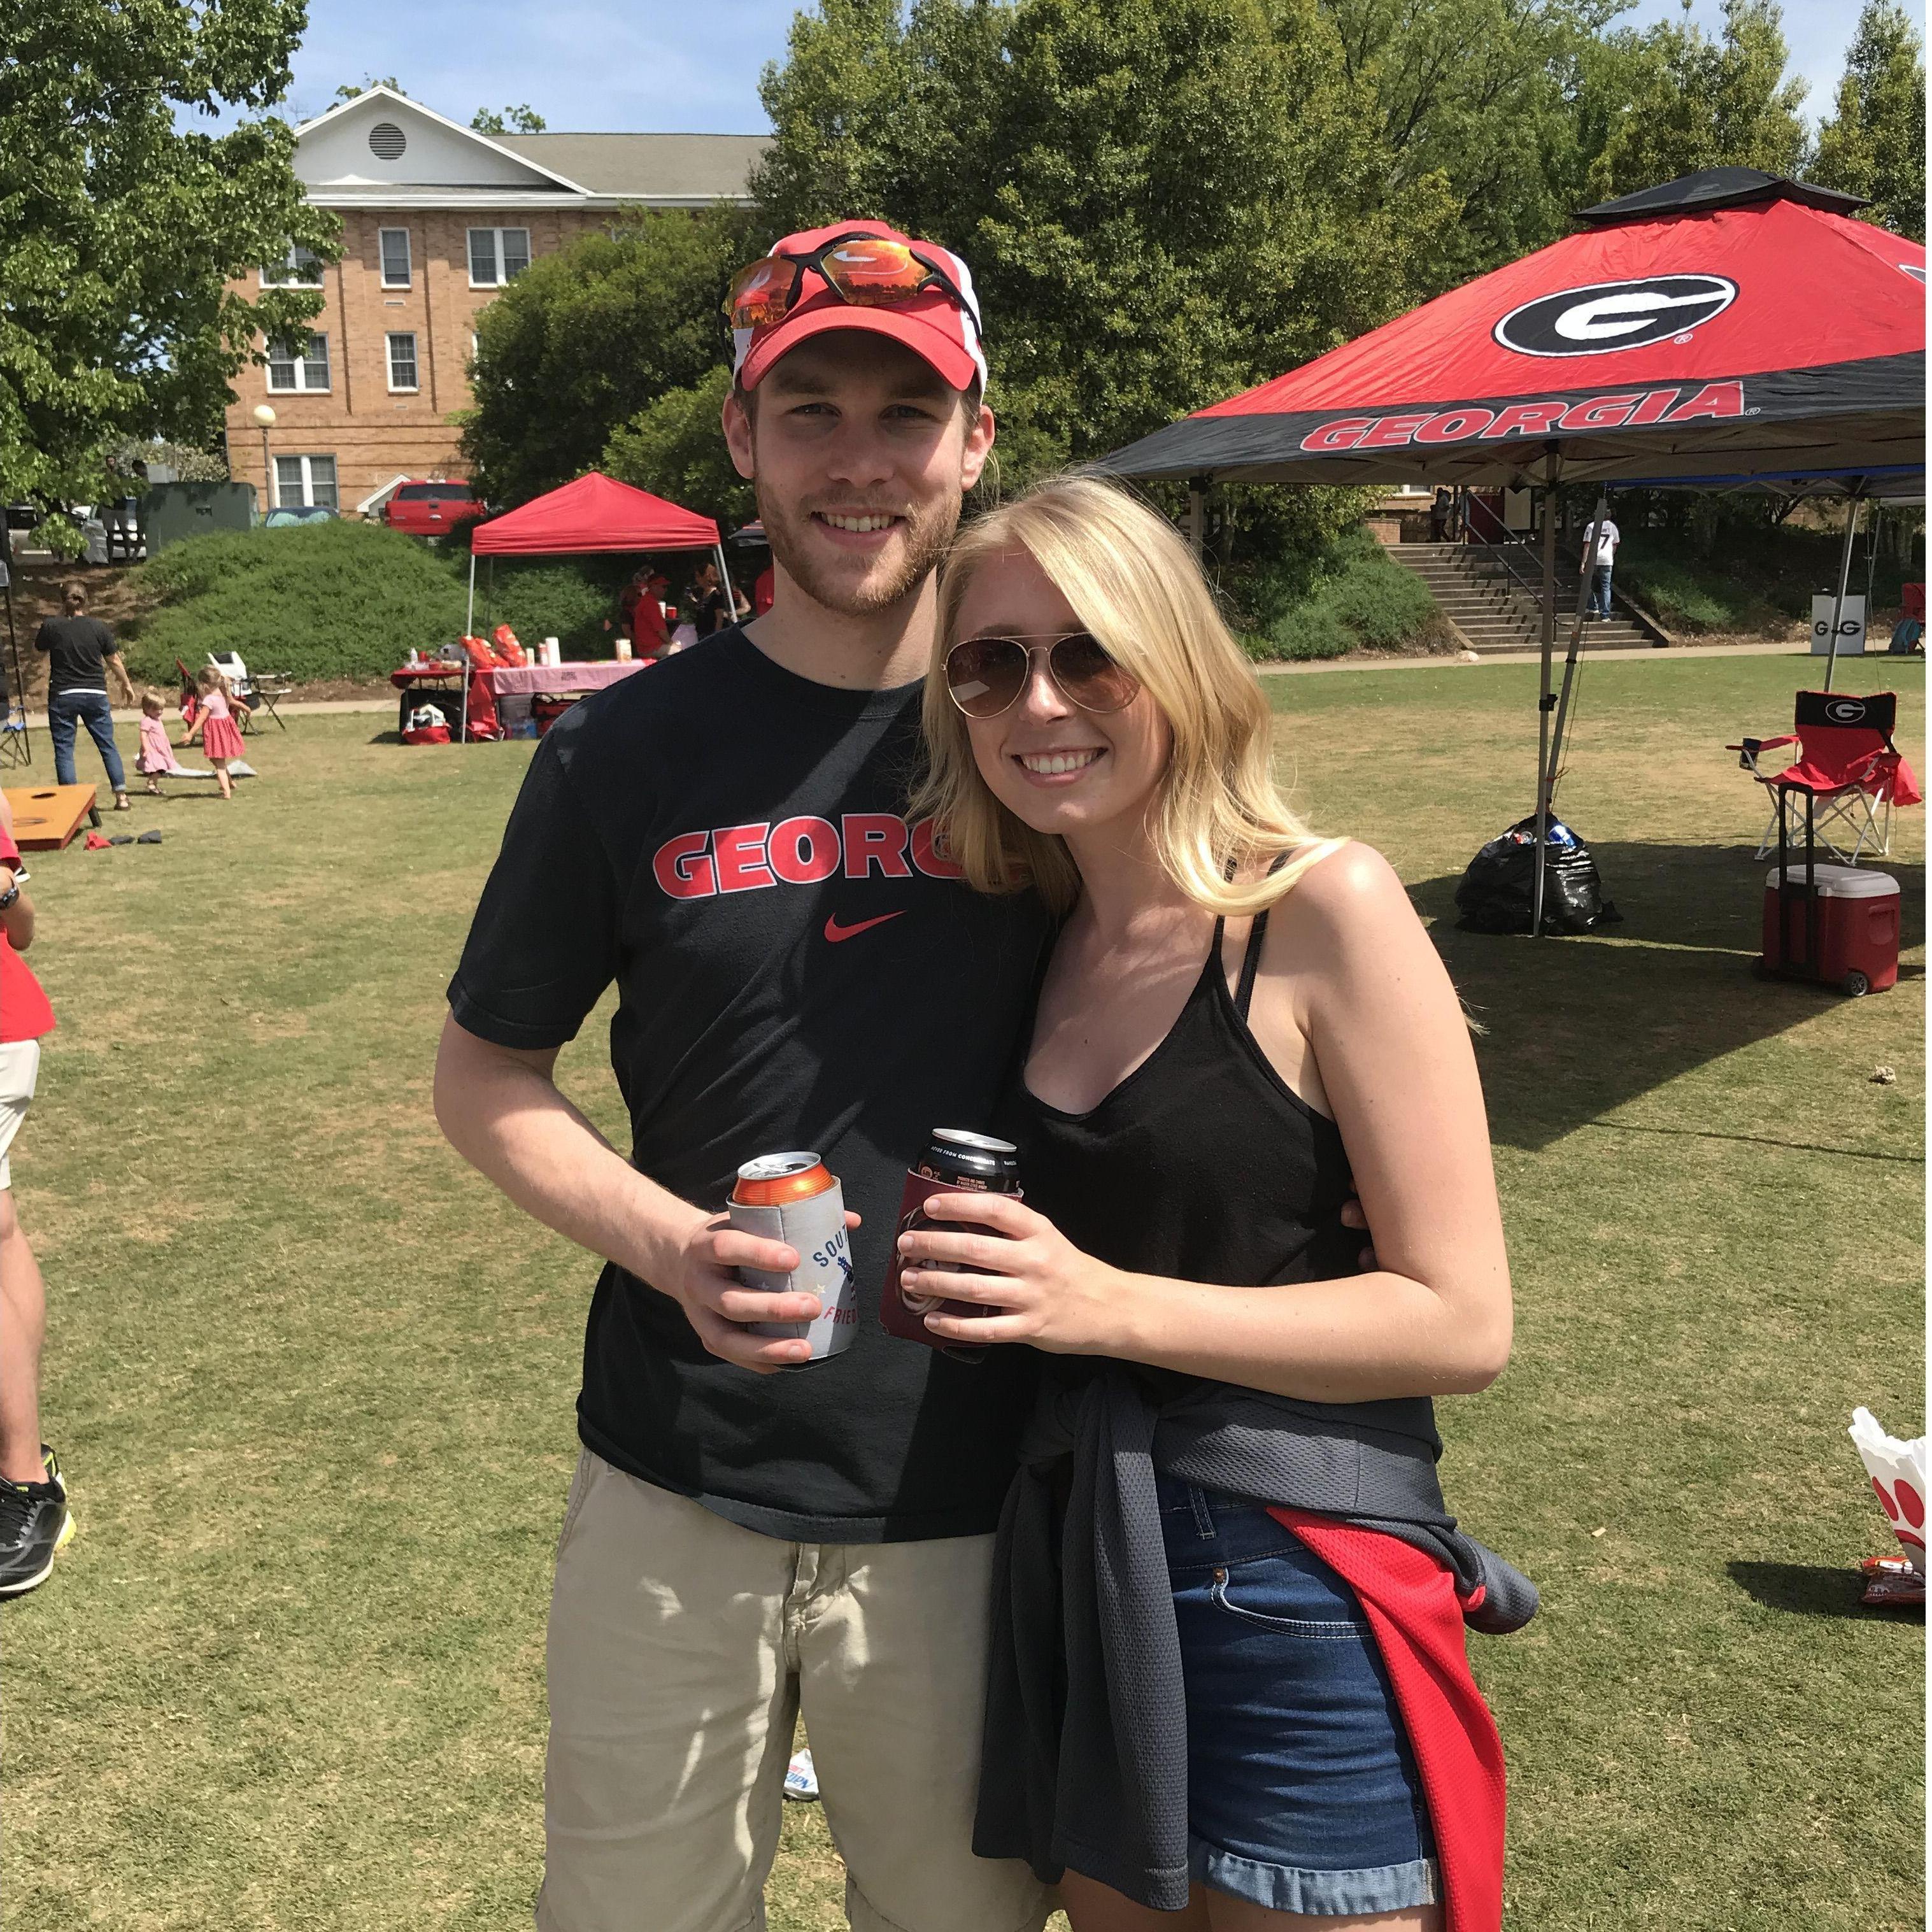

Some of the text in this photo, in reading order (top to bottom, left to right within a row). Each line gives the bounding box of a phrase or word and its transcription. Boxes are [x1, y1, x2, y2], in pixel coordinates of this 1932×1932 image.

[1300, 380, 1744, 451] GEORGIA
[653, 813, 969, 899] GEORG
[942, 1149, 957, 1158] FROM
[823, 1305, 857, 1325] FRIED
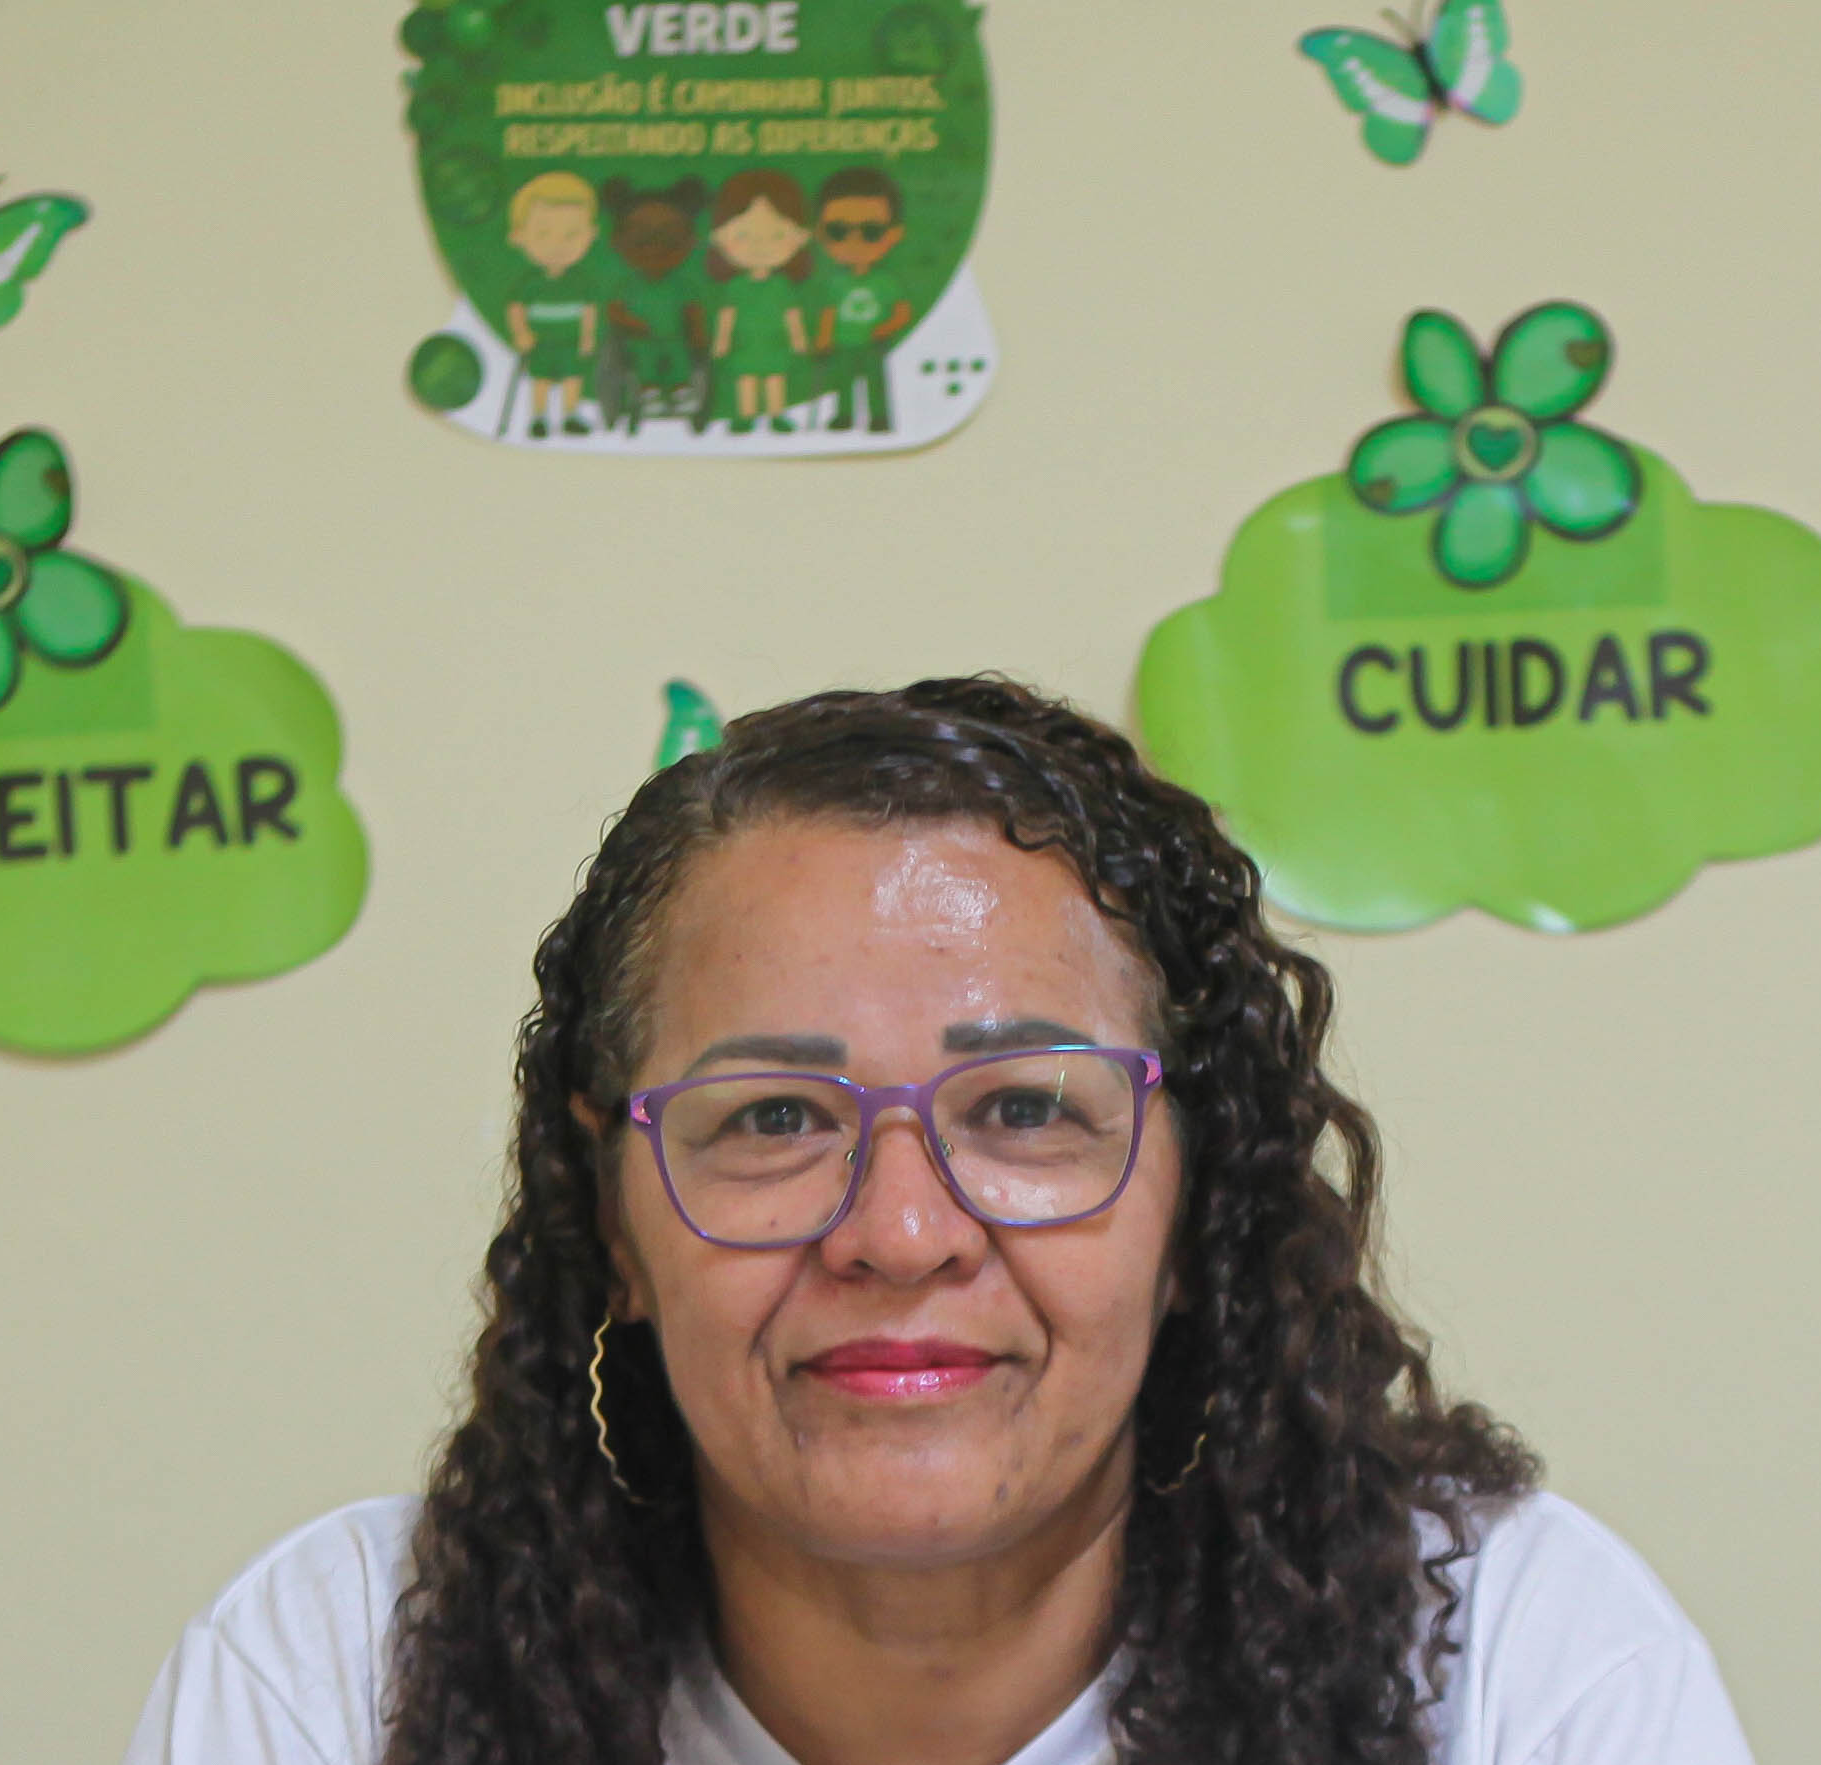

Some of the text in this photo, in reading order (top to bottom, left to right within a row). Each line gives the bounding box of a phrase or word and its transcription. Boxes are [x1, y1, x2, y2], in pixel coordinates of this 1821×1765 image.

[605, 2, 800, 57] VERDE
[495, 72, 643, 117] INCLUSÃO
[673, 78, 823, 115] CAMINHAR
[503, 118, 939, 159] RESPEITANDO AS DIFERENÇAS
[1335, 630, 1713, 737] CUIDAR

--------

Exercise goal — Each line above is to be transcribed exactly, though its pictures are not.

Solution to this task —
Some of the text in this photo, in reading order (top to bottom, left to right within a row). Each line gives the bounding box of a phrase or word and its transcription. Boxes are [x1, y1, x2, y2], in pixel coordinates of this 1932×1932 image.

[1300, 380, 1744, 451] GEORGIA
[653, 813, 969, 899] GEORG
[942, 1149, 957, 1158] FROM
[823, 1305, 857, 1325] FRIED

Some of the text in this photo, in reading order (top to bottom, left to right within a row). Each line gives the bounding box of a phrase or word and its transcription. Boxes are [x1, y1, x2, y2], in pixel coordinates of this 1821×1765 image.

[605, 2, 800, 57] VERDE
[495, 72, 643, 117] INCLUSÃO
[673, 78, 823, 115] CAMINHAR
[503, 118, 939, 159] RESPEITANDO AS DIFERENÇAS
[1335, 630, 1713, 737] CUIDAR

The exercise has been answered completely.